## Exercise goal
Your task is to retype every entry exactly, omitting nothing.

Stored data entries
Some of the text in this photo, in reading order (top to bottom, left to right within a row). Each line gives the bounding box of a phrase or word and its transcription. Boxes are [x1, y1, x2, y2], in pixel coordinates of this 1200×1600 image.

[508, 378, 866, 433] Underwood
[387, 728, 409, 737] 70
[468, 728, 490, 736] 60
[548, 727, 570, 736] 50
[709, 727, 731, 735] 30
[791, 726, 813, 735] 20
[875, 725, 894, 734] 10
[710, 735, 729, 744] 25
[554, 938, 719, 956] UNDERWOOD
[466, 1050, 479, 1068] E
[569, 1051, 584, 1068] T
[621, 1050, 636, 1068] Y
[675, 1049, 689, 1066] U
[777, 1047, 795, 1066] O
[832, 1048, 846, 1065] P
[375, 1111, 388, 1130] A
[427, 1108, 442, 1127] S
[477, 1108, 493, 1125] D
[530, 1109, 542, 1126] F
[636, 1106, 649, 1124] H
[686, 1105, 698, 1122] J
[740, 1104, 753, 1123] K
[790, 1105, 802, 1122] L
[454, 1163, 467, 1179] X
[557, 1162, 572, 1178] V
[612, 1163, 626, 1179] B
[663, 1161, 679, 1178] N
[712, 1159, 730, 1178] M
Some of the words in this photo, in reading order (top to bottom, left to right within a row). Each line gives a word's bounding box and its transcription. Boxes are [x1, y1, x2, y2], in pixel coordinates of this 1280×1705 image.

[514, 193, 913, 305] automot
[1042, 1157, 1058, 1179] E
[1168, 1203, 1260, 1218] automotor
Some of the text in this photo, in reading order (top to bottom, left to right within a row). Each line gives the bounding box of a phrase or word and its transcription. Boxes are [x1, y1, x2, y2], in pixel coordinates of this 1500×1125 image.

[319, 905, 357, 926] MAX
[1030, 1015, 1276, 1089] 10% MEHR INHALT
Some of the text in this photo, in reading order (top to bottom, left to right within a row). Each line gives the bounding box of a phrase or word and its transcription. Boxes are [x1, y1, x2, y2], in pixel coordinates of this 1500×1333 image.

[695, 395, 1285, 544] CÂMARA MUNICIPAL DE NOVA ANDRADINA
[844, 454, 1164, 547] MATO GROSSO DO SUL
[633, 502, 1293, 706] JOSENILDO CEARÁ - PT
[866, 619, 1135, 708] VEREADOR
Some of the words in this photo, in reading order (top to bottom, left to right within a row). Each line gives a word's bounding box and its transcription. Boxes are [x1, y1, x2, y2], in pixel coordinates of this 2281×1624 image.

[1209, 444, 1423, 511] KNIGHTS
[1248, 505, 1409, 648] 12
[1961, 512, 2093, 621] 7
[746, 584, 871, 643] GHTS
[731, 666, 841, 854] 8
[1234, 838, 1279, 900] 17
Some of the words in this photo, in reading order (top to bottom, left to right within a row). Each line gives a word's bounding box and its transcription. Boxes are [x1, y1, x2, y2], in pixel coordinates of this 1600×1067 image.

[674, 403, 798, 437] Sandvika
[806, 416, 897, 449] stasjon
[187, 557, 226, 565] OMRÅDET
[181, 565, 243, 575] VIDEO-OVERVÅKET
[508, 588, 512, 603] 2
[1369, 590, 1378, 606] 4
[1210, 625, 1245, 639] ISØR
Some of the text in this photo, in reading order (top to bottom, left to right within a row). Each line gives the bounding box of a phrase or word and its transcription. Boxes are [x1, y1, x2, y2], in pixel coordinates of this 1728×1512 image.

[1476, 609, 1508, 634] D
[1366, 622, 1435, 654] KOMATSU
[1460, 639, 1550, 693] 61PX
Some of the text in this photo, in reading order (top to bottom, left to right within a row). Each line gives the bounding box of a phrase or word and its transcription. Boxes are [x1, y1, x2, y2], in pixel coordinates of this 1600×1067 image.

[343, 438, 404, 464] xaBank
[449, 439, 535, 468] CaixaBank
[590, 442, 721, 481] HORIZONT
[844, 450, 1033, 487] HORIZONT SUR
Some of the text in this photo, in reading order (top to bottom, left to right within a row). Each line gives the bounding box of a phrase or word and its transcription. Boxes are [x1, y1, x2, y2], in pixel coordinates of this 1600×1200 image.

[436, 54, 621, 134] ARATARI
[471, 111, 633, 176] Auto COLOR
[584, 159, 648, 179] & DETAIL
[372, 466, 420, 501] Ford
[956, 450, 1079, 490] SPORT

## Exercise result
Some of the text in this photo, in reading order (top to bottom, left to right within a row). Each line gives the bounding box of a phrase or word and its transcription. Boxes are [x1, y1, x2, y2], in pixel coordinates of this 1200×1600 image.

[508, 378, 866, 433] Underwood
[387, 728, 409, 737] 70
[468, 728, 490, 736] 60
[548, 727, 570, 736] 50
[709, 727, 731, 735] 30
[791, 726, 813, 735] 20
[875, 725, 894, 734] 10
[710, 735, 729, 744] 25
[554, 938, 719, 956] UNDERWOOD
[466, 1050, 479, 1068] E
[569, 1051, 584, 1068] T
[621, 1050, 636, 1068] Y
[675, 1049, 689, 1066] U
[777, 1047, 795, 1066] O
[832, 1048, 846, 1065] P
[375, 1111, 388, 1130] A
[427, 1108, 442, 1127] S
[477, 1108, 493, 1125] D
[530, 1109, 542, 1126] F
[636, 1106, 649, 1124] H
[686, 1105, 698, 1122] J
[740, 1104, 753, 1123] K
[790, 1105, 802, 1122] L
[454, 1163, 467, 1179] X
[557, 1162, 572, 1178] V
[612, 1163, 626, 1179] B
[663, 1161, 679, 1178] N
[712, 1159, 730, 1178] M
Some of the words in this photo, in reading order (top to bottom, left to right within a row). Each line gives a word's bounding box and its transcription. Boxes are [x1, y1, x2, y2], in pixel coordinates of this 1280×1705 image.

[514, 193, 913, 305] automot
[1042, 1157, 1058, 1179] E
[1168, 1203, 1260, 1218] automotor
Some of the text in this photo, in reading order (top to bottom, left to right within a row). Each line gives the bounding box of a phrase or word and its transcription. Boxes are [x1, y1, x2, y2], in pixel coordinates of this 1500×1125 image.

[319, 905, 357, 926] MAX
[1030, 1015, 1276, 1089] 10% MEHR INHALT
Some of the text in this photo, in reading order (top to bottom, left to right within a row). Each line gives the bounding box of a phrase or word and its transcription. Boxes are [x1, y1, x2, y2], in pixel coordinates of this 1500×1333 image.

[695, 395, 1285, 544] CÂMARA MUNICIPAL DE NOVA ANDRADINA
[844, 454, 1164, 547] MATO GROSSO DO SUL
[633, 502, 1293, 706] JOSENILDO CEARÁ - PT
[866, 619, 1135, 708] VEREADOR
Some of the words in this photo, in reading order (top to bottom, left to right within a row). Each line gives a word's bounding box and its transcription. Boxes are [x1, y1, x2, y2], in pixel coordinates of this 2281×1624 image.

[1209, 444, 1423, 511] KNIGHTS
[1248, 505, 1409, 648] 12
[1961, 512, 2093, 621] 7
[746, 584, 871, 643] GHTS
[731, 666, 841, 854] 8
[1234, 838, 1279, 900] 17
Some of the words in this photo, in reading order (top to bottom, left to right within a row). Each line gives a word's bounding box and its transcription. Boxes are [x1, y1, x2, y2], in pixel coordinates of this 1600×1067 image.

[674, 403, 798, 437] Sandvika
[806, 416, 897, 449] stasjon
[187, 557, 226, 565] OMRÅDET
[181, 565, 243, 575] VIDEO-OVERVÅKET
[508, 588, 512, 603] 2
[1369, 590, 1378, 606] 4
[1210, 625, 1245, 639] ISØR
Some of the text in this photo, in reading order (top to bottom, left to right within a row). Each line gives the bounding box of a phrase or word and its transcription. Boxes are [x1, y1, x2, y2], in pixel coordinates of this 1728×1512 image.

[1476, 609, 1508, 634] D
[1366, 622, 1435, 654] KOMATSU
[1460, 639, 1550, 693] 61PX
Some of the text in this photo, in reading order (top to bottom, left to right within a row). Each line gives the bounding box of a phrase or word and its transcription. Boxes are [x1, y1, x2, y2], in pixel coordinates of this 1600×1067 image.

[343, 438, 404, 464] xaBank
[449, 439, 535, 468] CaixaBank
[590, 442, 721, 481] HORIZONT
[844, 450, 1033, 487] HORIZONT SUR
Some of the text in this photo, in reading order (top to bottom, left to right within a row). Each line gives the bounding box of a phrase or word and its transcription. Boxes are [x1, y1, x2, y2], in pixel coordinates of this 1600×1200 image.

[436, 54, 621, 134] ARATARI
[471, 111, 633, 176] Auto COLOR
[584, 159, 648, 179] & DETAIL
[372, 466, 420, 501] Ford
[956, 450, 1079, 490] SPORT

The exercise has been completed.